The Al-Yahudu tablets are a collection of about 200 clay tablets from the sixth and fifth centuries BCE on the exiled Judean community in Babylonia following the destruction of the First Temple. They contain information on the physical condition of the exiles from Judah and their financial condition in southern Babylonia. The tablets are named after the central settlement mentioned in the documents, āl Yahudu (Akkadian "The town of Judah"), which was "presumably in the vicinity of Borsippa".

The earliest document in the collection dates back to 572 BCE, about 15 years after the destruction of the Temple, during the reign of Nebuchadnezzar II. The most recent tablet dates back to 477 BCE, during the reign of Xerxes I, about 60 years after the Return to Zion began and about 20 years before the rise of Ezra the Scribe.

==The Texts==
The Āl-Yahūdu tablets are unprovenanced having entered the antiquities market by unknown means, possibly looting.
They are held in private collections, primarily the David and Cindy Sofer Collection
and including the Percy J. Wiseman collection, which has now been acquired by the British Museum.The tablets revolve around the town of Āl-Yahūdu, ‘City of the Judeans’ (also Ālu ša Yāhūdāya and Āl-Yāhūdāya) which is near Ālu ša Našar (‘Town of Našar’) and Bīt-Našar (‘House of Našar’). Āl-Yahūdu is part of an administrative unit called "šušānu Yahūdāya", (‘unit of Judean state dependents’) which was
used for taxing and conscripting of Judeans. It has been suggested that it was near Babylon, or near Borsippa, or even near
Nippur in the south where a number of exiles were settled. Other towns where Judean exiles were settled in central and southern Mesopotamia included toponyms such as Tel-Aviv, Tel-Melah, and Tel-Harsha. The tablets first came to public attention with the publication of 8 tablets in 1996 and 3 in 1999. A large number of texts were published in 2014. The remainder of known texts was published in 2022.

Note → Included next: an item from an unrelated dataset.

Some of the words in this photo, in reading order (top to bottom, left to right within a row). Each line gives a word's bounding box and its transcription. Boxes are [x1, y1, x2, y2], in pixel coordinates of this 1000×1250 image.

While the texts date to the period from 572 BCE to 477 BCE almost all come from the later portion when
the area was under Persian control, primarily during the reign of Darius I who ruled from
522 BCE until 486 BCE. Of the roughly 200 known texts only 14 come from the period of Neo-Babylonian
control and of those only 3 came from during the reign of Nebuchadnezzar II (605-562 BCE). For context the
Fall of Jeruselum occurred in 587 BCE. It cannot be certain if
some deportations from Judea occurred somewhat before or after that date.

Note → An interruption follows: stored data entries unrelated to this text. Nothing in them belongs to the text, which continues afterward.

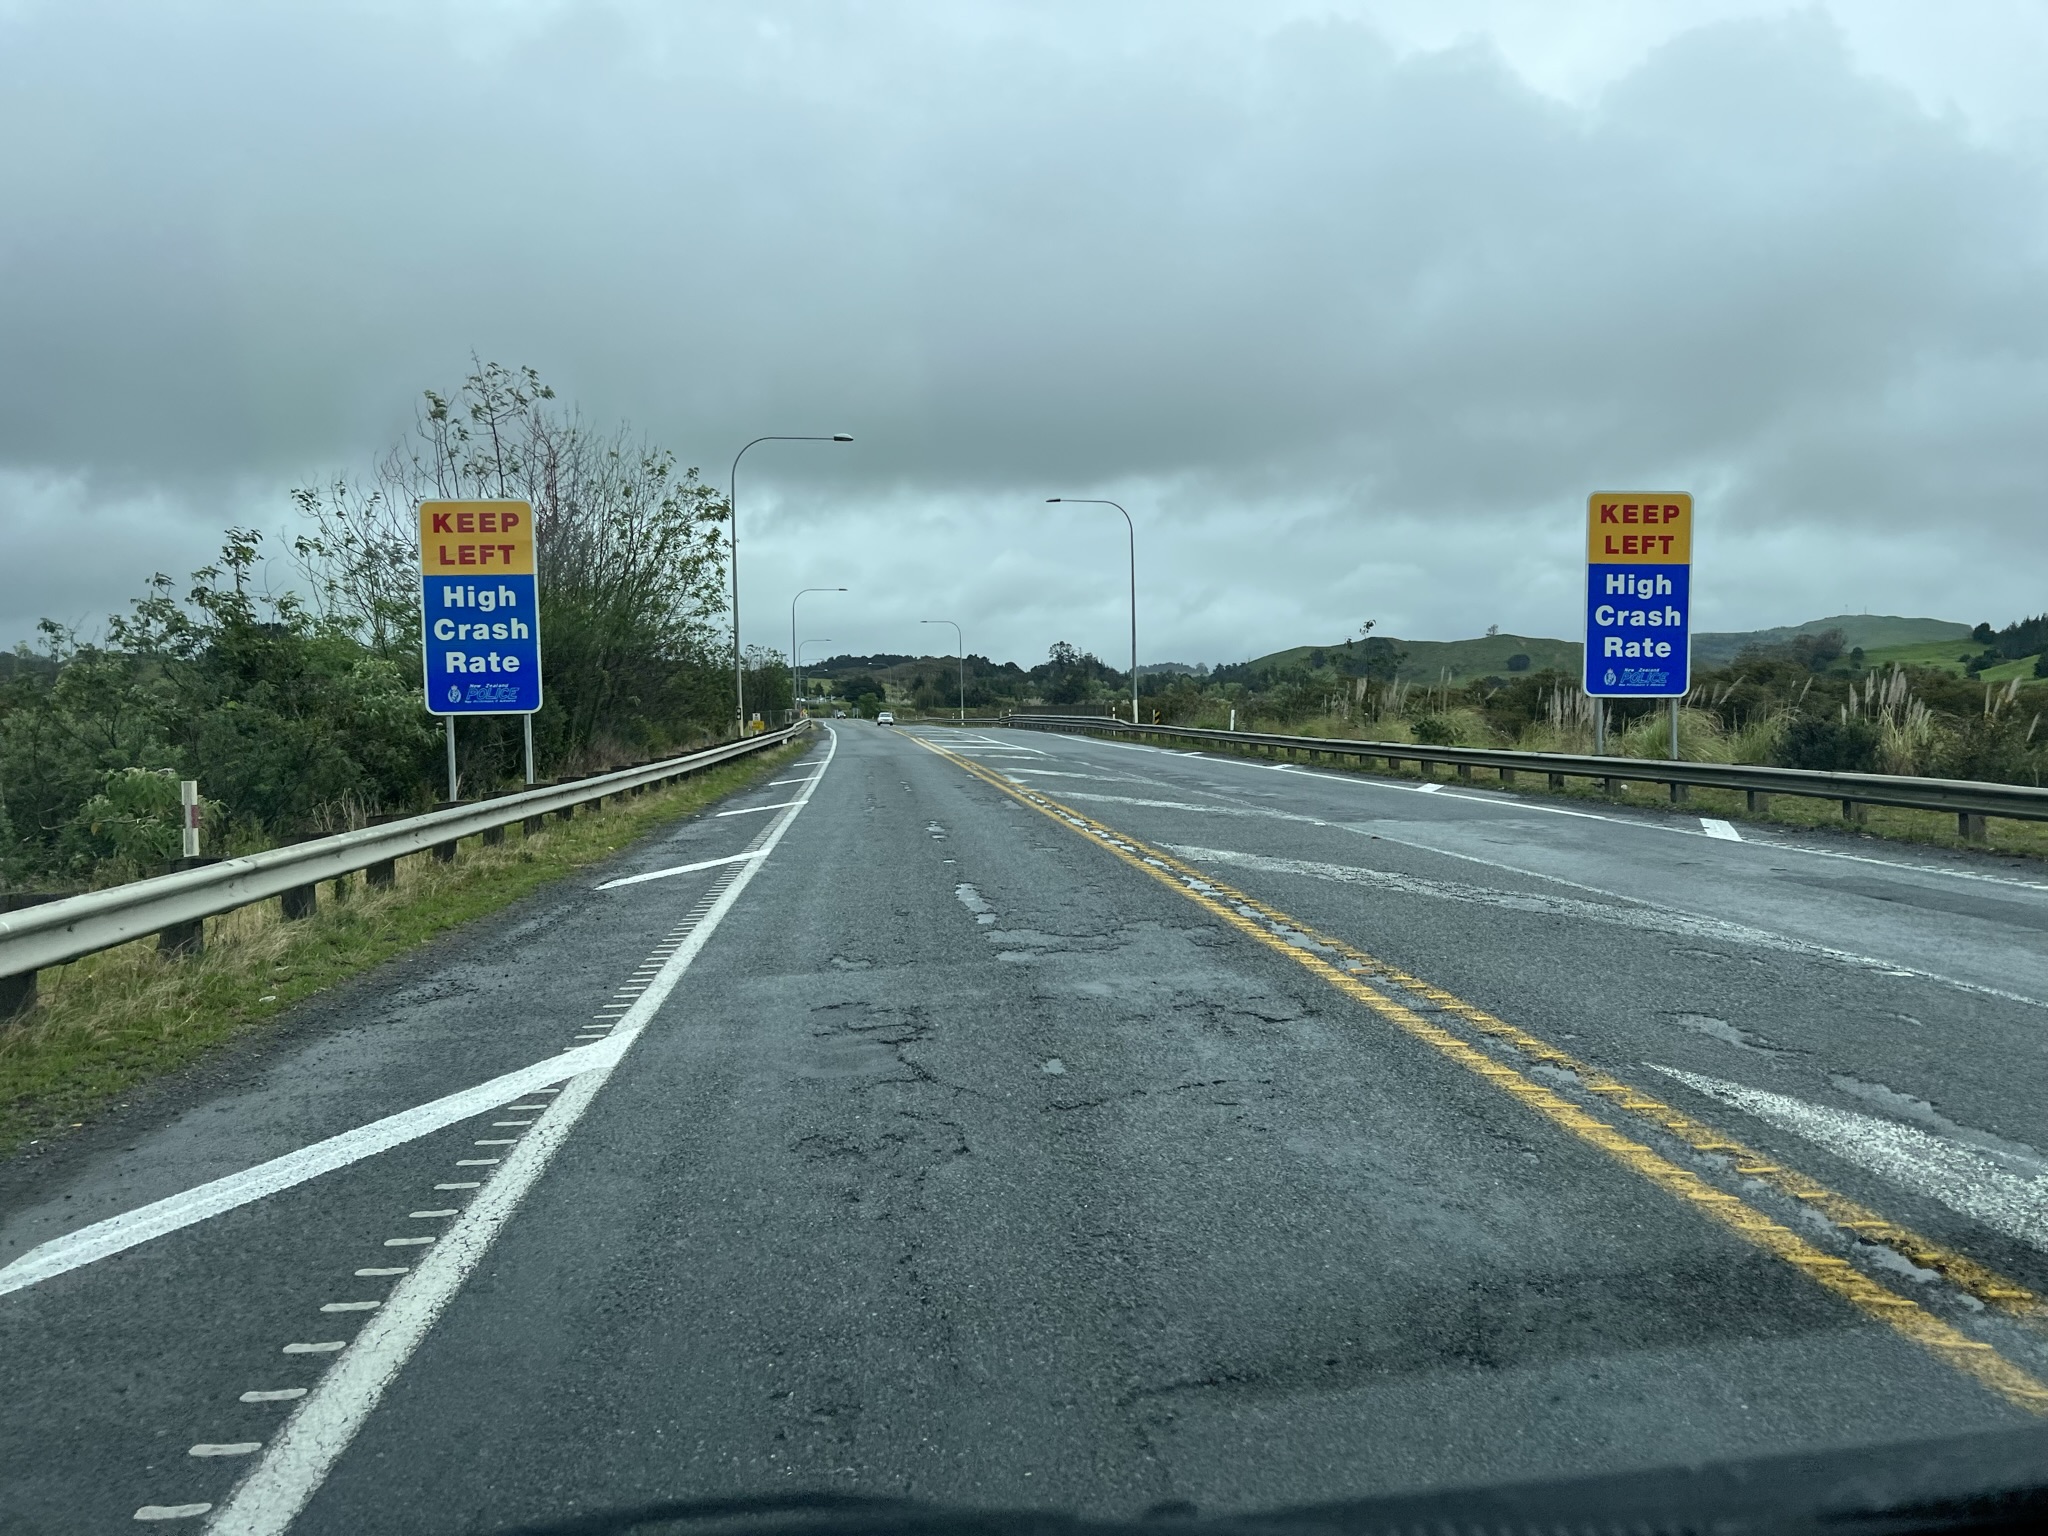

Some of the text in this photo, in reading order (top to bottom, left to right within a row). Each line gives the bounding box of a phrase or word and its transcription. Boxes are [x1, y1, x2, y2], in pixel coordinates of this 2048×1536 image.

[433, 513, 519, 533] KEEP
[1601, 504, 1679, 524] KEEP
[1605, 535, 1674, 554] LEFT
[440, 545, 515, 565] LEFT
[1606, 574, 1672, 599] High
[443, 585, 517, 612] High
[1595, 605, 1681, 626] Crash
[433, 617, 529, 640] Crash
[1604, 637, 1671, 658] Rate
[446, 651, 520, 673] Rate
[1620, 672, 1669, 684] POLICE
[466, 687, 520, 700] POLICE

==The localities mentioned in the documents==
Beyond the settlement of al-Yahudu, other settlements were mentioned where Jews were living or working. Some of them are well-known cities and some were apparently satellite settlements of al-Yahudu. The main localities mentioned in the documents are:

- Al-Yahudu: The dominant settlement in the documents. The most ancient document in the collection, dated 572 BC, is called Al-Yahudiyya ("City of the Jews").
- Beit Nashar: Apparently not far from al-Yahudu. A mixed community, where Jews also lived. The ruler of the settlement, which appears in many of the documents, was Ahikar ben Riemot.
- House of Aviram: Although this locality is located in connection with al-Yahudu, there were no Jews with Jewish names and it is unclear whether Jews lived there. The person with the most mentions in this locality is Zbava Sher-Ozer, an administrator for the heir to the Babylonian throne.
- The village of Ubu Sha Tubiyama: Possibly named after the village's founder, Tuviyahu ben Mukhaiahu.

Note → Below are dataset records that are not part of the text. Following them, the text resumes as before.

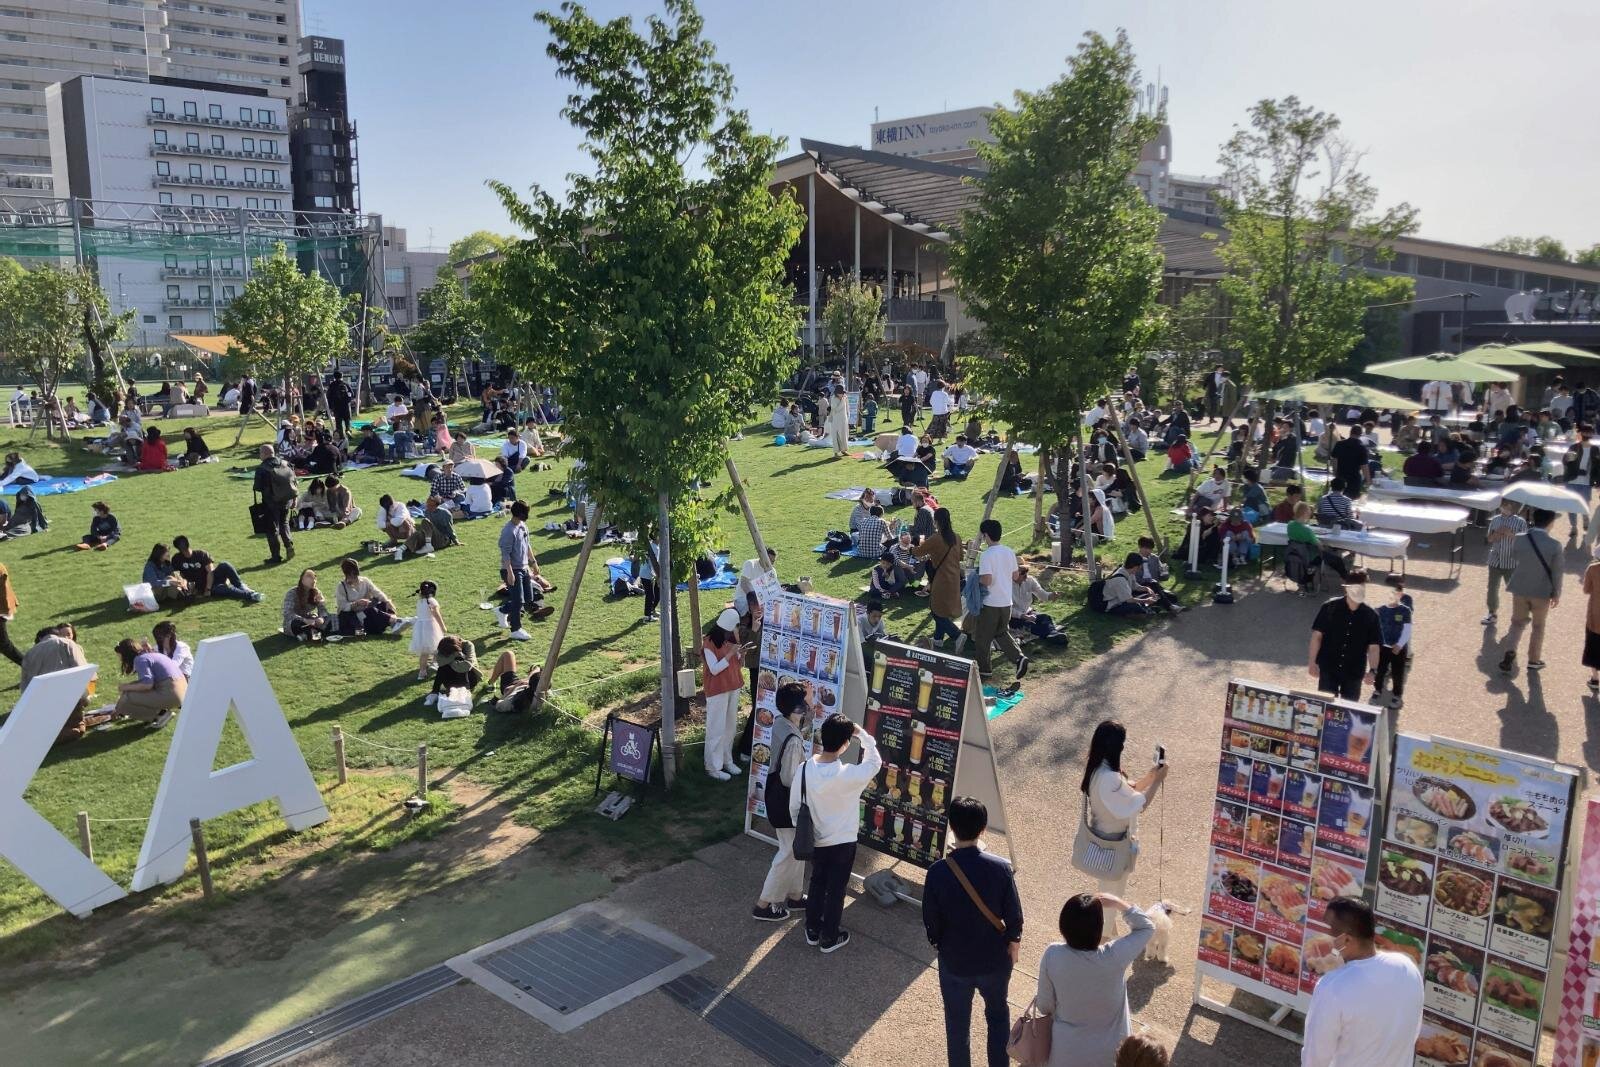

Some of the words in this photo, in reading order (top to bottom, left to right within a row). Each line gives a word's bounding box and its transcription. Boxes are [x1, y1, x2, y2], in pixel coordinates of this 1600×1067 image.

[313, 52, 345, 65] UEMURA
[875, 123, 927, 145] 東横INN
[1527, 800, 1561, 814] ステーキ
[1502, 843, 1555, 863] ローストビーフ
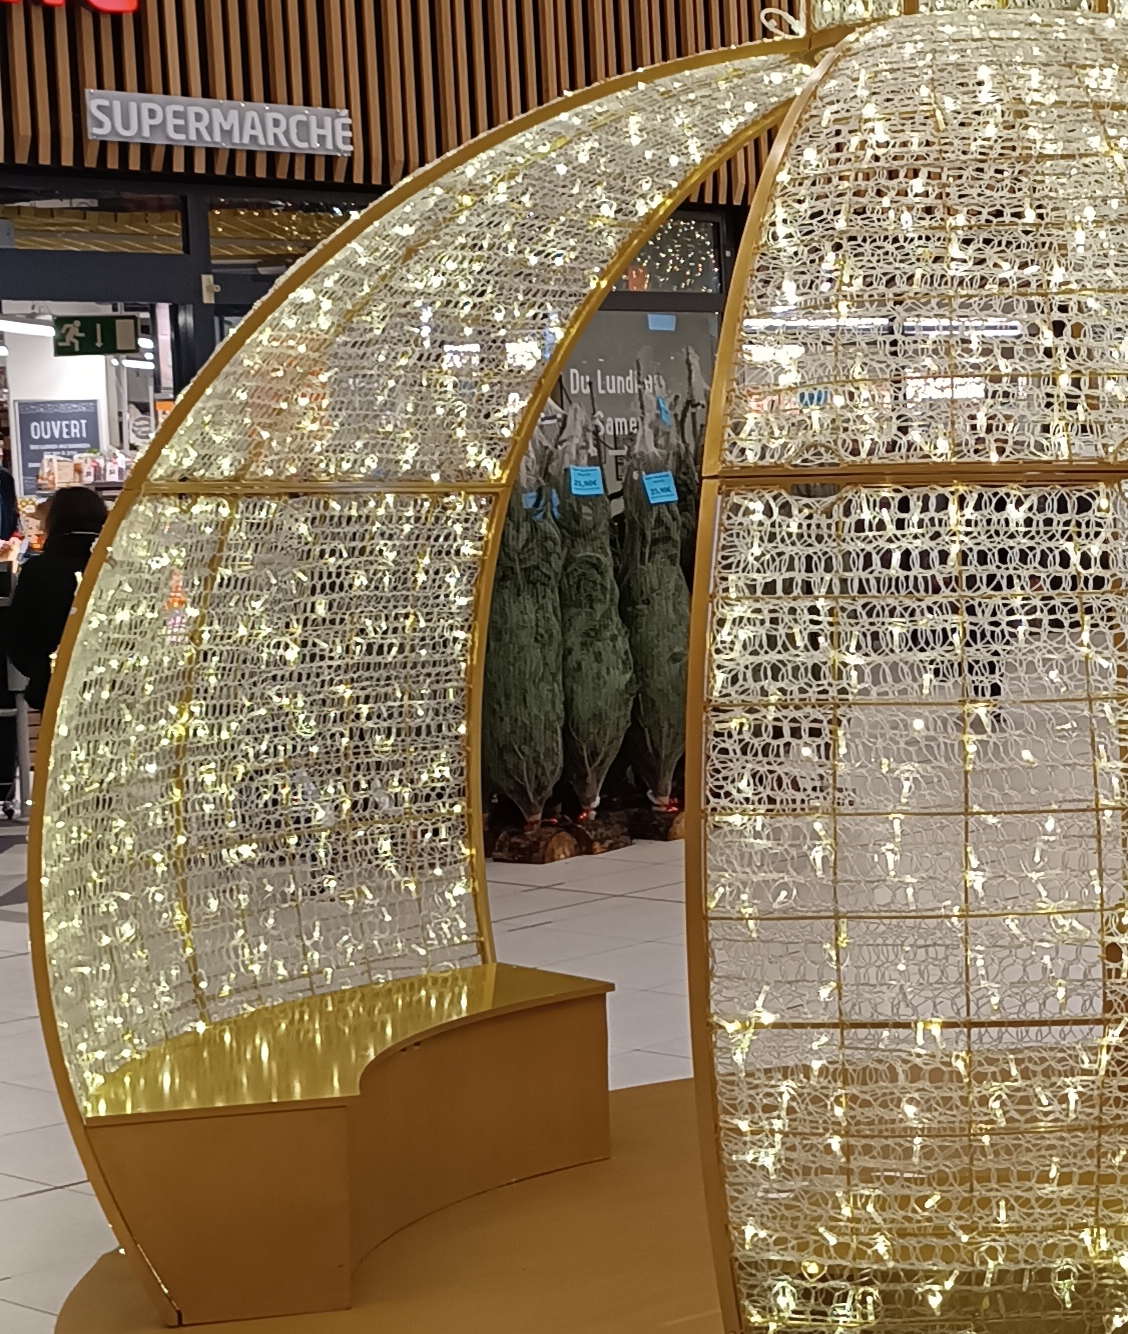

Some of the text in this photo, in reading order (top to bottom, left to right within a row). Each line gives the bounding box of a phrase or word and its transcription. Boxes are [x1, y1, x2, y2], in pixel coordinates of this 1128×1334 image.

[90, 98, 354, 152] SUPERMARCHÉ
[570, 368, 591, 394] Du
[597, 369, 638, 394] Lundi
[30, 419, 87, 440] OUVERT
[594, 410, 640, 436] Same

==Life of Jews in Babylon as reflected in the documents==
===Status of exiles===
According to the documents, the Jews were defined as "Shushanu". This status is also known from other documents from the period and relates to foreign exiles who were exiled to Babylon, mainly in order to rehabilitate cities and areas devastated by past wars. These exiles received land lease for their livelihood in the form of service in exchange for land. Although they can be compared to the status of land-bound tenants, they seem to have enjoyed freedom of movement, they were defined as independent entities before the Babylonian and Persian law and enjoyed the possibilities of social and economic integration.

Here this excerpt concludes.